Q I’m dreading the festive season as it means spending time with my husband. I used to enjoy his company, but these days he barely seems to notice me. He’s wedded to his phone, either obsessively watching the news or engrossed in work emails – even playing games.
I wondered if he was having an affair and secretly sexting another woman. However, I know his phone password so I checked his messages and could find no evidence. Please don’t tell me I was wrong to do this – I needed to know why he seems uninterested in me.
We hardly ever have sex. When I try to talk to him about his phone addiction, he says I’m trying to control him. His parents are coming to stay for three nights over Christmas and we will be forced to be jolly for their sake as well as the children’s, but I just don’t feel a connection with him any more.
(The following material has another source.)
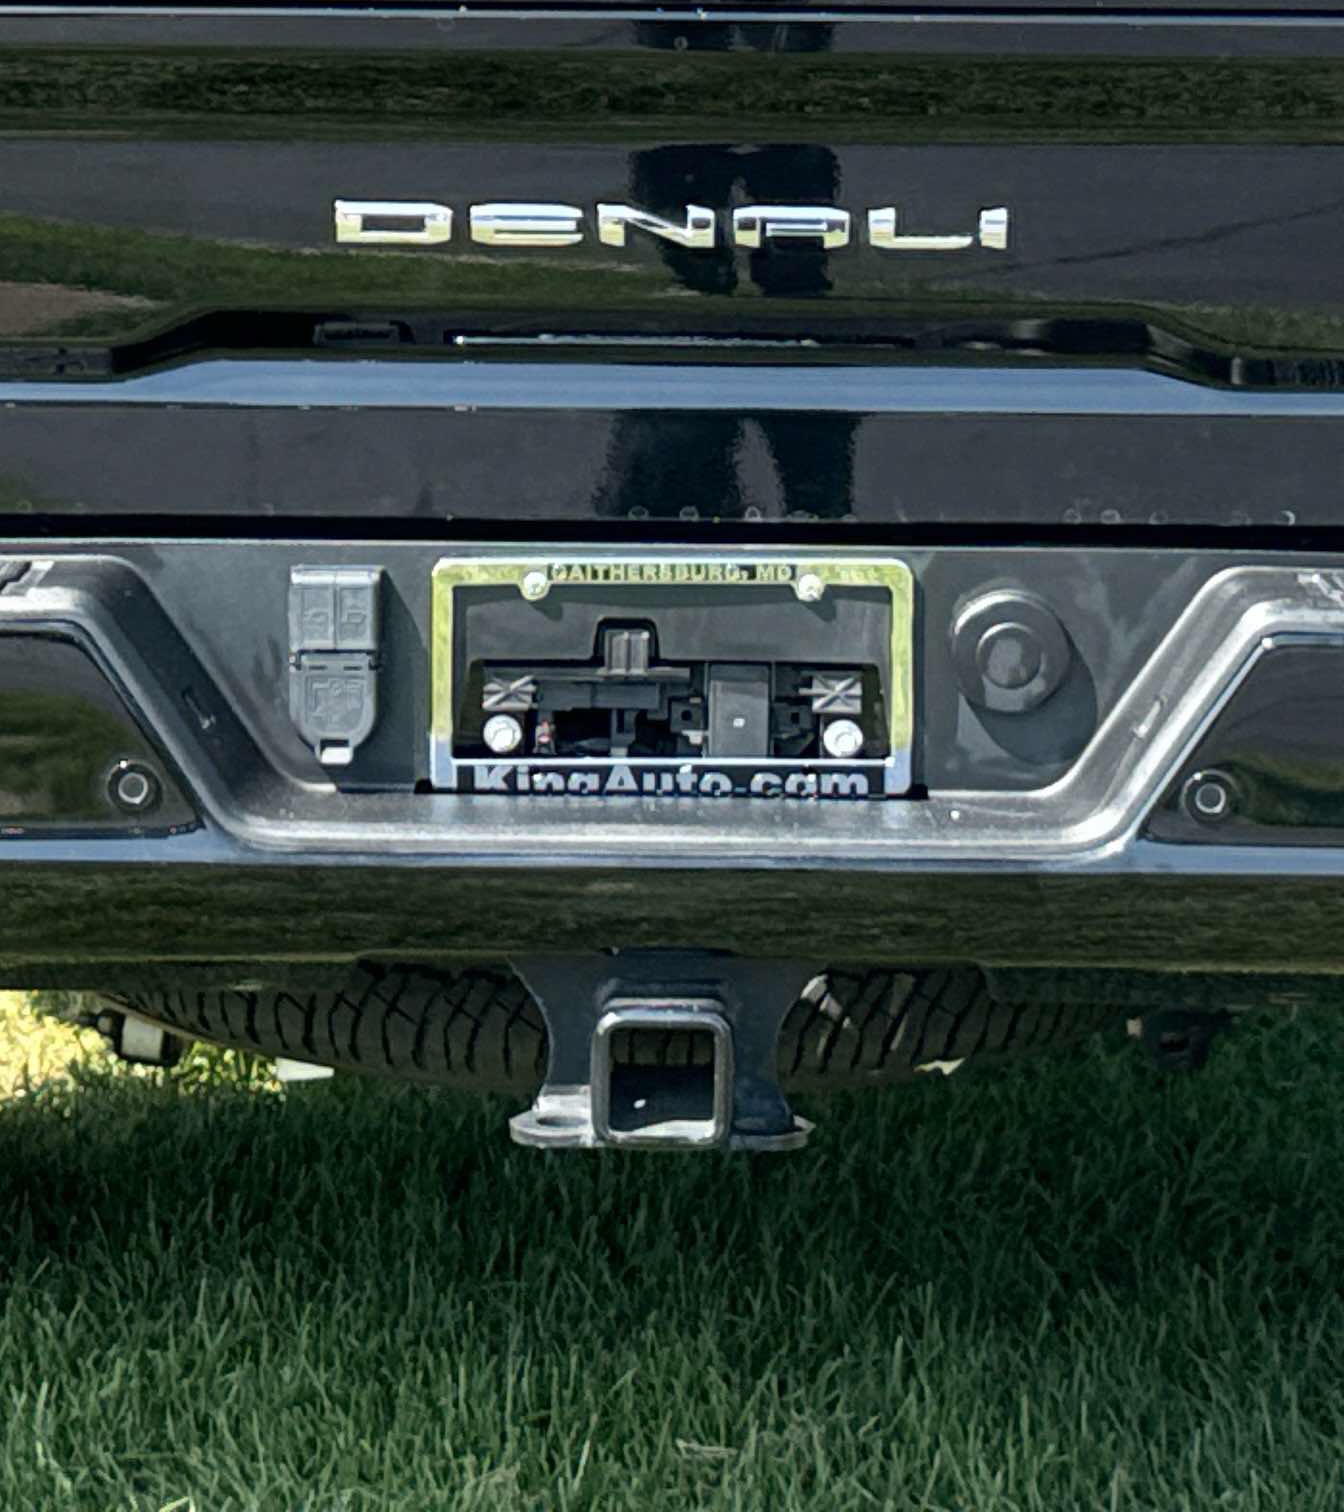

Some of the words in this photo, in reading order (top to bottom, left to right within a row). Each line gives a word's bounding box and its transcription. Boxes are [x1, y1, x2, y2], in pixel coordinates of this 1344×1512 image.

[335, 199, 1009, 249] DENALI
[756, 563, 793, 582] MD
[473, 764, 869, 795] KingAuto.com
. A Sadly, the behaviour of your husband does suggest smartphone addiction – especially his anger when you tell him how much it bothers you. First, it’s important to understand the possible causes. Phone addiction can be symptomatic of other problems such as stress, loneliness, anxiety and depression. Heavy smartphone use will, of course, exacerbate these issues because it cuts off real-life connection, which in turn increases anxiety and depression. But the question is whether your relationship has declined because of his unavailability or whether there has been a gradual lack of connection resulting in him withdrawing. Perhaps there was too much stress in the early years of child rearing, a major event such as a bereavement or pressure at work.